Wouldn’t it be great to convert something that is harmful, yet naturally occurring in the environment to something that is useful to the human kind? That is exactly what a few researchers led by Dr. Da Deng at Wayne State University in Detriot did.
Multi-colored algae blooms may sound like one of nature’s many beauty wonders, however it is far from wonderful. Typically, these harmful algal blooms (HAB) consists of massive growth of one or more phytoplankton species, blooming up to a concentration of hundreds to thousands of cells per millilitre. These blooms of varying size can cover the surface of water for weeks. Some blooms are large enough, they can even be seen from space!
This satellite image captures the algal bloom in Lake Erie Basin, taken on July 28, 2015. source: Nasa Earth Observatory
In 2011, the algal bloom that occured in Lake Erie broke the record of worst algal bloom ever observed, topping the chart at 10 of the 10-point severity index. In August, 2014, the Toledo water crisis in Lake Erie left nearly half a million people without safe drinking water. Although the exact cause of algal bloom is yet to be determined, scientists believes that are many contributing factors including: water temperature, sunlight, current and presence of essential nutrients like nitrogen, carbon and oxygen. Although only a few algae species produce toxins, the effects they have on humans and aquatic life are detrimental as the toxins make their way up the food chain into animals we eat.
[Video Courtesy to: Ohio Sea Grant]
Dr. Da Deng and his team of researchers aimed to reduced HAB in freshwater lakes by converting it to something useful.

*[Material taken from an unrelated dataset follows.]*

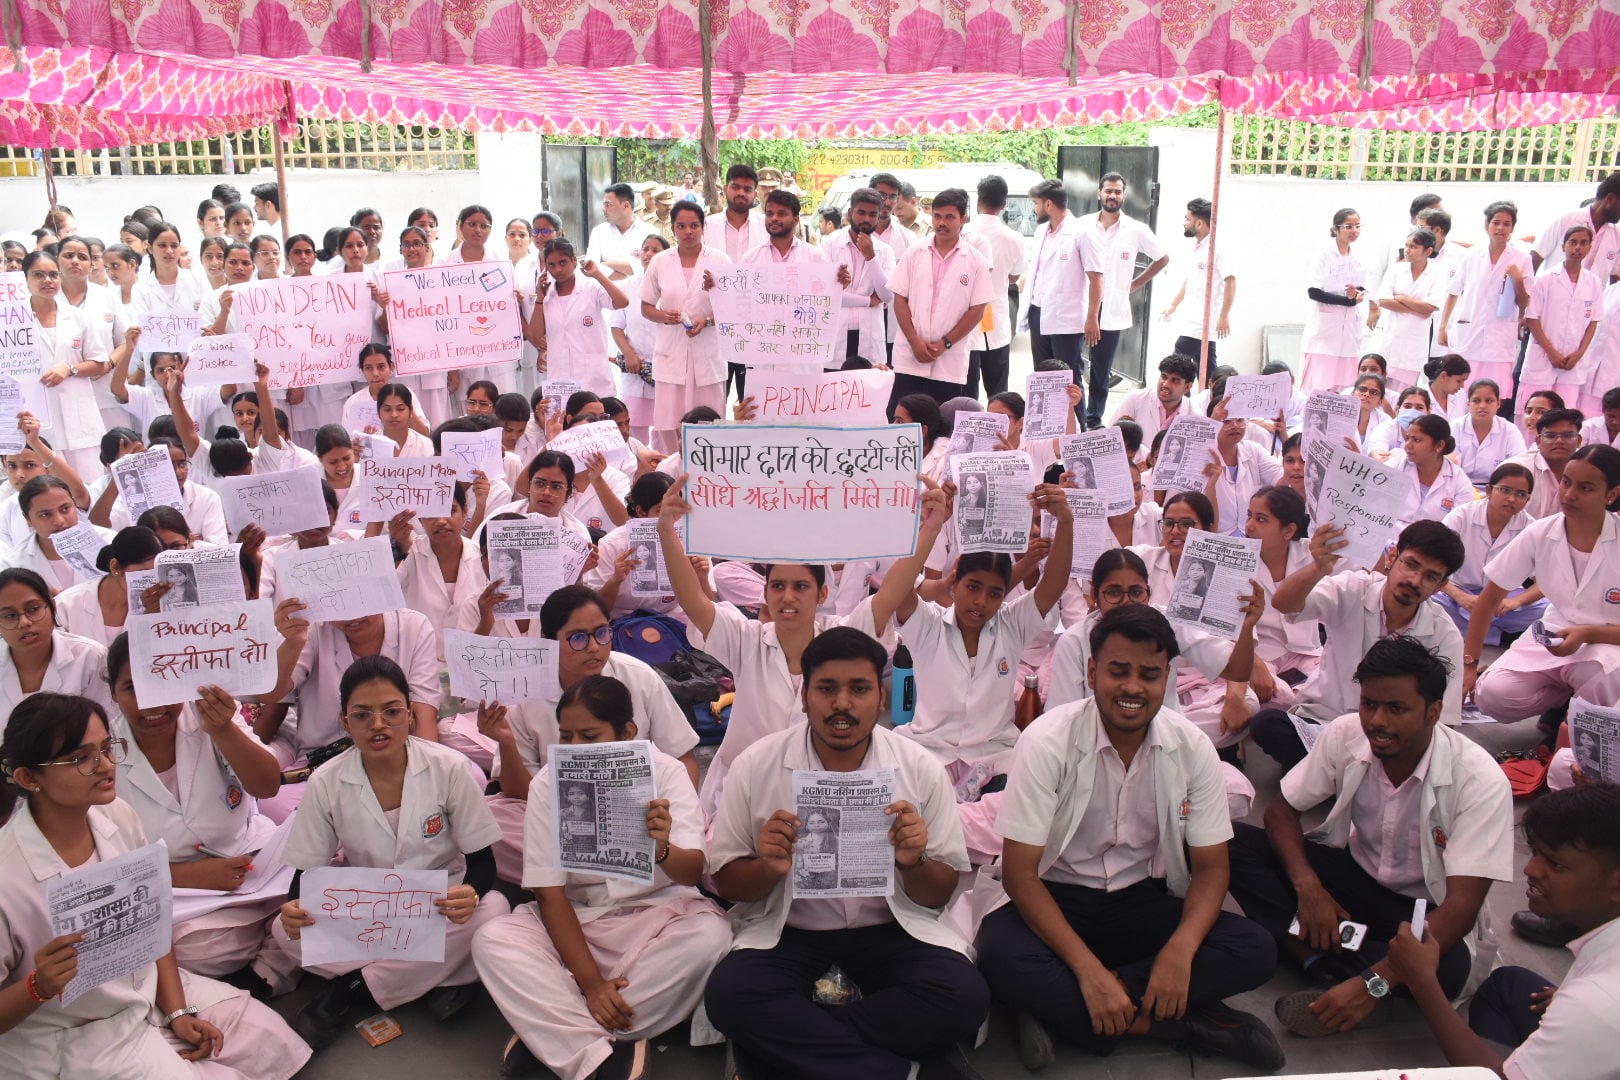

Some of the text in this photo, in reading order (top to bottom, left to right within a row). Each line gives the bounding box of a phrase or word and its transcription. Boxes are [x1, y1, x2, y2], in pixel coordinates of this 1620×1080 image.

The team collected samples of toxic HABs from Lake Erie, and converted it to hard carbon by heating it in argon gas at high temperatures of 700-1000 °C. Hard carbon, often derived from petroleum made from biomass, is an ideal electrode (electric conductor used to connect non-metallic part of the circuit), used for sodium-ion batteries. The final electrodes created by the researchers consists of 80% hard carbon (derived from algae), 10% black carbon and 10% binder. The scientists found that overall, the sodium electrode had a high capacity of up to 440 mAh/g in the first cycle. However, there were some issues of irreversible capacity loss after the first cycle, resulting in a lower capacity of 230 mAh/g.
Although, Lithium-ion batteries are more dominant in use right now compared to Sodium-ion batteries, sodium is more abundant and could potentially replace the more-expensive Li-ion batteries in the future. However, more extensive research still needs to be conducted to increase the stability and capacity issues with these algae-derived sodium electrodes to improve their performance in the future. The researchers also noticed that the temperature of which the algae was heated also affected its stability and capacity performance. This is something scientists can take in account as they aim to improve this discovery.